Batool Begum is a folk music singer from Jaipur in the Indian state of Rajasthan. She sings mand and bhajan songs and has become internationally famous. She plays instruments such as the dhol, dholak and tabla.

==Biography==
Begum Batul was born in Kerap village in Didwana district of Rajasthan. She dropped out of school in the fifth grade. She belongs to the Mirasi community of Rajasthan. Her interest in singing mand is a family tradition. But Bhajans are not like that. At the age of eight, she used to go in front of Thakur Ji's temple in Kerap village of Nagaur every day with her friends, which is how she developed a passion for singing Bhajans. Later, she started singing Bhajans herself.

===Personal life===
Begum got married at the age of 16. She and her husband, Feroz Khan, who was a conductor on the roadways, have three sons. She currently lives with her family in Vidyadhar Nagar, Jaipur.

==Career==
Begum, a singer of Maand and Bhajan style folk songs, also plays Indian musical instruments like the tabla, dholak, and dhol. Born into the Muslim faith and starting singing Hindu bhajans, Begum conveys a message of communal unity through her songs, she gives a message of communal harmony through her songs.

Apart from various stages in India Begum Batul has performed in 56 countries outside India, including France, Germany, Tunisia, Italy, Switzerland, the US, and the UK. She is member of the Bollywood Klezmer, an international fusion folk music band consisting of artists from different religions performing fusion music from different cultures.
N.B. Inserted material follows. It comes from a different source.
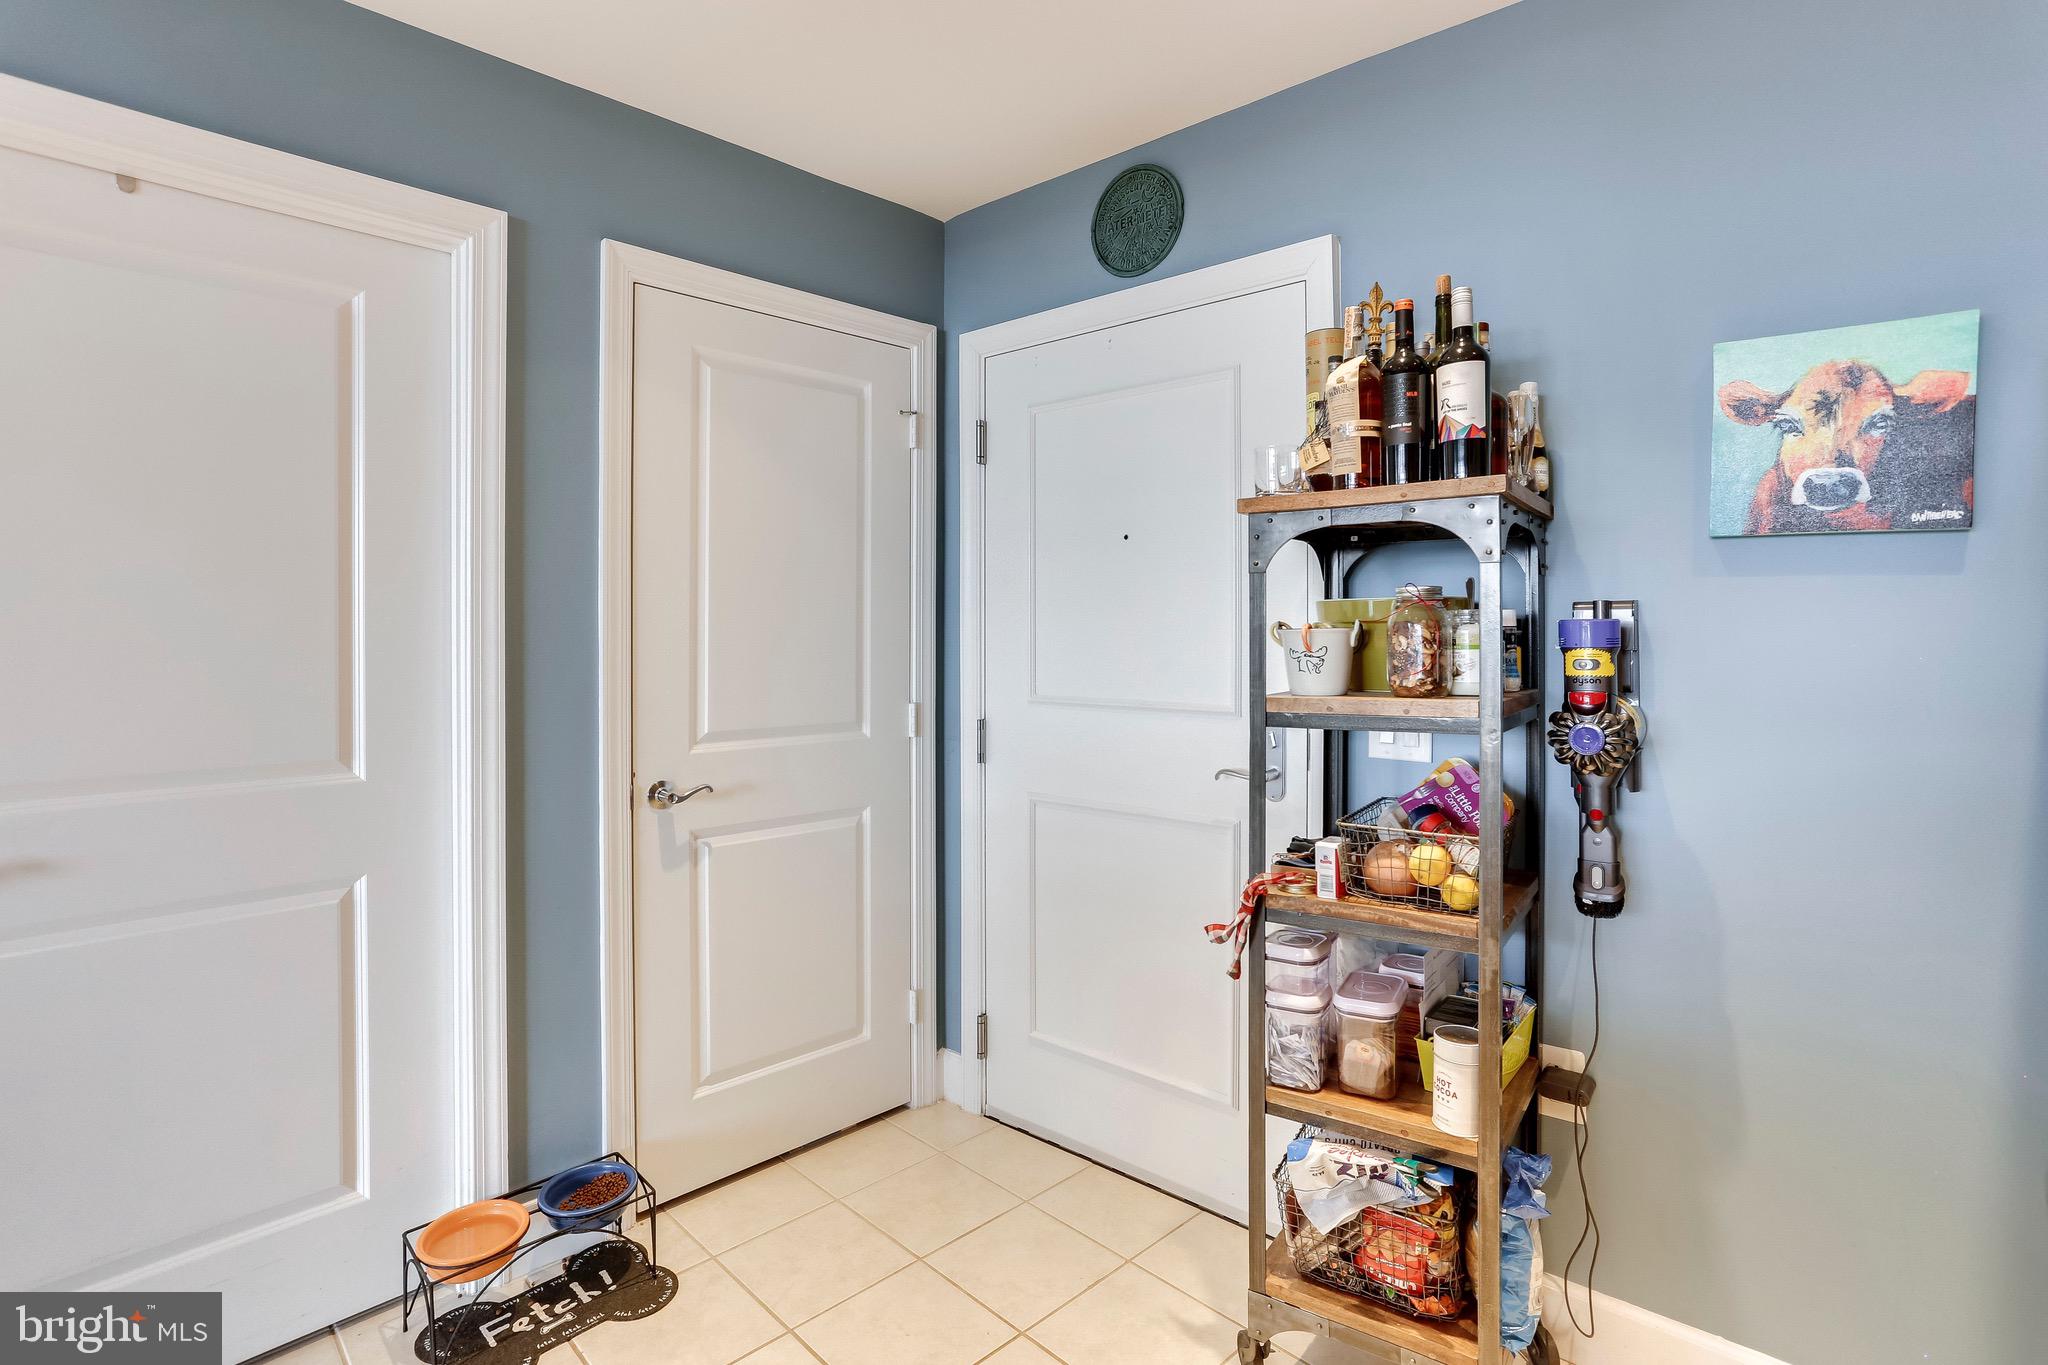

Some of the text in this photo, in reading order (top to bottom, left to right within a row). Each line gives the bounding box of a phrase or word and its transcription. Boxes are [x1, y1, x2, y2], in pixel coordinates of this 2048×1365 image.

She performed at the Olympics in France, with other folk artists of her group Basant. Begum is the only woman from Rajasthan to have performed at the Town Hall in Paris.

==Awards and honors==
Batool Begam was awarded the 2021 Nari Shakti Puruskar on International Women's Day in 2022. In 2025 January, she received the Padma Shri. Begum has also been honoured by the governments of France and Tunisia. On International Women's Day 2021, she received the GOPIO Achievers Award - 2021 and the Certificate of Excellence Award.